(Spatial localization data)
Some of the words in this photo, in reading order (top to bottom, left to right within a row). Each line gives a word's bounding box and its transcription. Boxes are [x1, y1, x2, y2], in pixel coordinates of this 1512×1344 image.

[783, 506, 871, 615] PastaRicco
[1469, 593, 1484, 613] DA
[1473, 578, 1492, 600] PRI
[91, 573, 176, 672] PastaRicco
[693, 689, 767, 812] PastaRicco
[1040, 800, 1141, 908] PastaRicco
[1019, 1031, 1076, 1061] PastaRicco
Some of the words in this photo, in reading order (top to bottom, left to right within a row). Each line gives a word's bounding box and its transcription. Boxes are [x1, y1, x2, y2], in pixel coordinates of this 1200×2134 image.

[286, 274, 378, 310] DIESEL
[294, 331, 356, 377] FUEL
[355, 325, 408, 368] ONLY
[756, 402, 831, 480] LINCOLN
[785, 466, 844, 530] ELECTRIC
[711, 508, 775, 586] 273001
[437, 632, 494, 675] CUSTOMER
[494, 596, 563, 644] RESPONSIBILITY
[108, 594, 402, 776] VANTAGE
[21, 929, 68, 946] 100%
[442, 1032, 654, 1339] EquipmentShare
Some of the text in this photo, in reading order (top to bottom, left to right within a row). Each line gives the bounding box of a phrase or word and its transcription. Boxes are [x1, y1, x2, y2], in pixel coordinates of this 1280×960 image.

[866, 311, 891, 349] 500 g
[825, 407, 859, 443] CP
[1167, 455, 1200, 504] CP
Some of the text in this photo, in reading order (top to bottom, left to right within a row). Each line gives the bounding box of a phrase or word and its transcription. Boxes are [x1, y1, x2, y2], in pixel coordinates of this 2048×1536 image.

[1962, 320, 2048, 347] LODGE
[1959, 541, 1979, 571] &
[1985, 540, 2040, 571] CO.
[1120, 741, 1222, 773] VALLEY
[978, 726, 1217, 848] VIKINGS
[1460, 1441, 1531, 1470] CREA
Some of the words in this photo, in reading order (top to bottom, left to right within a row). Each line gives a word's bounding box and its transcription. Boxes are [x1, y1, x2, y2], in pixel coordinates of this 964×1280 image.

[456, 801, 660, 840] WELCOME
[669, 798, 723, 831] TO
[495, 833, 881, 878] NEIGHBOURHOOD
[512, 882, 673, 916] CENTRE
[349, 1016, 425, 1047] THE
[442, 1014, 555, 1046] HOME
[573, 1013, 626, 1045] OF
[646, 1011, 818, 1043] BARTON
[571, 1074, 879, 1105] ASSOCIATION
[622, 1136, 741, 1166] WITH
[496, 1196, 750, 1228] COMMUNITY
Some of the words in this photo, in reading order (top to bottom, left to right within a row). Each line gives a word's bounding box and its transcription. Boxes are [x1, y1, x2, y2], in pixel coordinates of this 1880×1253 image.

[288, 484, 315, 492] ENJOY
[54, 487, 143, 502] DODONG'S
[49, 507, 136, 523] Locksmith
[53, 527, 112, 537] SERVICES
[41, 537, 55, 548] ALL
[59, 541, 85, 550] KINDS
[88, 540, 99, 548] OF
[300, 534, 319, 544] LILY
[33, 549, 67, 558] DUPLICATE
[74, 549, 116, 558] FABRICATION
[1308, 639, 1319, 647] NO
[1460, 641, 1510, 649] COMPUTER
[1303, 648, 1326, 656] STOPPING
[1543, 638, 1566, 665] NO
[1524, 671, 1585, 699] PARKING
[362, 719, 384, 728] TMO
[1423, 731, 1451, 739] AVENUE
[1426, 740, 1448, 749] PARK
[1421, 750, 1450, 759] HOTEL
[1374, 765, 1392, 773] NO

### ASSIGNMENT
I need each of the entries above printed again exactly.

### RESPONSE BELOW
Some of the words in this photo, in reading order (top to bottom, left to right within a row). Each line gives a word's bounding box and its transcription. Boxes are [x1, y1, x2, y2], in pixel coordinates of this 1512×1344 image.

[783, 506, 871, 615] PastaRicco
[1469, 593, 1484, 613] DA
[1473, 578, 1492, 600] PRI
[91, 573, 176, 672] PastaRicco
[693, 689, 767, 812] PastaRicco
[1040, 800, 1141, 908] PastaRicco
[1019, 1031, 1076, 1061] PastaRicco
Some of the words in this photo, in reading order (top to bottom, left to right within a row). Each line gives a word's bounding box and its transcription. Boxes are [x1, y1, x2, y2], in pixel coordinates of this 1200×2134 image.

[286, 274, 378, 310] DIESEL
[294, 331, 356, 377] FUEL
[355, 325, 408, 368] ONLY
[756, 402, 831, 480] LINCOLN
[785, 466, 844, 530] ELECTRIC
[711, 508, 775, 586] 273001
[437, 632, 494, 675] CUSTOMER
[494, 596, 563, 644] RESPONSIBILITY
[108, 594, 402, 776] VANTAGE
[21, 929, 68, 946] 100%
[442, 1032, 654, 1339] EquipmentShare
Some of the text in this photo, in reading order (top to bottom, left to right within a row). Each line gives the bounding box of a phrase or word and its transcription. Boxes are [x1, y1, x2, y2], in pixel coordinates of this 1280×960 image.

[866, 311, 891, 349] 500 g
[825, 407, 859, 443] CP
[1167, 455, 1200, 504] CP
Some of the text in this photo, in reading order (top to bottom, left to right within a row). Each line gives the bounding box of a phrase or word and its transcription. Boxes are [x1, y1, x2, y2], in pixel coordinates of this 2048×1536 image.

[1962, 320, 2048, 347] LODGE
[1959, 541, 1979, 571] &
[1985, 540, 2040, 571] CO.
[1120, 741, 1222, 773] VALLEY
[978, 726, 1217, 848] VIKINGS
[1460, 1441, 1531, 1470] CREA
Some of the words in this photo, in reading order (top to bottom, left to right within a row). Each line gives a word's bounding box and its transcription. Boxes are [x1, y1, x2, y2], in pixel coordinates of this 964×1280 image.

[456, 801, 660, 840] WELCOME
[669, 798, 723, 831] TO
[495, 833, 881, 878] NEIGHBOURHOOD
[512, 882, 673, 916] CENTRE
[349, 1016, 425, 1047] THE
[442, 1014, 555, 1046] HOME
[573, 1013, 626, 1045] OF
[646, 1011, 818, 1043] BARTON
[571, 1074, 879, 1105] ASSOCIATION
[622, 1136, 741, 1166] WITH
[496, 1196, 750, 1228] COMMUNITY
Some of the words in this photo, in reading order (top to bottom, left to right within a row). Each line gives a word's bounding box and its transcription. Boxes are [x1, y1, x2, y2], in pixel coordinates of this 1880×1253 image.

[288, 484, 315, 492] ENJOY
[54, 487, 143, 502] DODONG'S
[49, 507, 136, 523] Locksmith
[53, 527, 112, 537] SERVICES
[41, 537, 55, 548] ALL
[59, 541, 85, 550] KINDS
[88, 540, 99, 548] OF
[300, 534, 319, 544] LILY
[33, 549, 67, 558] DUPLICATE
[74, 549, 116, 558] FABRICATION
[1308, 639, 1319, 647] NO
[1460, 641, 1510, 649] COMPUTER
[1303, 648, 1326, 656] STOPPING
[1543, 638, 1566, 665] NO
[1524, 671, 1585, 699] PARKING
[362, 719, 384, 728] TMO
[1423, 731, 1451, 739] AVENUE
[1426, 740, 1448, 749] PARK
[1421, 750, 1450, 759] HOTEL
[1374, 765, 1392, 773] NO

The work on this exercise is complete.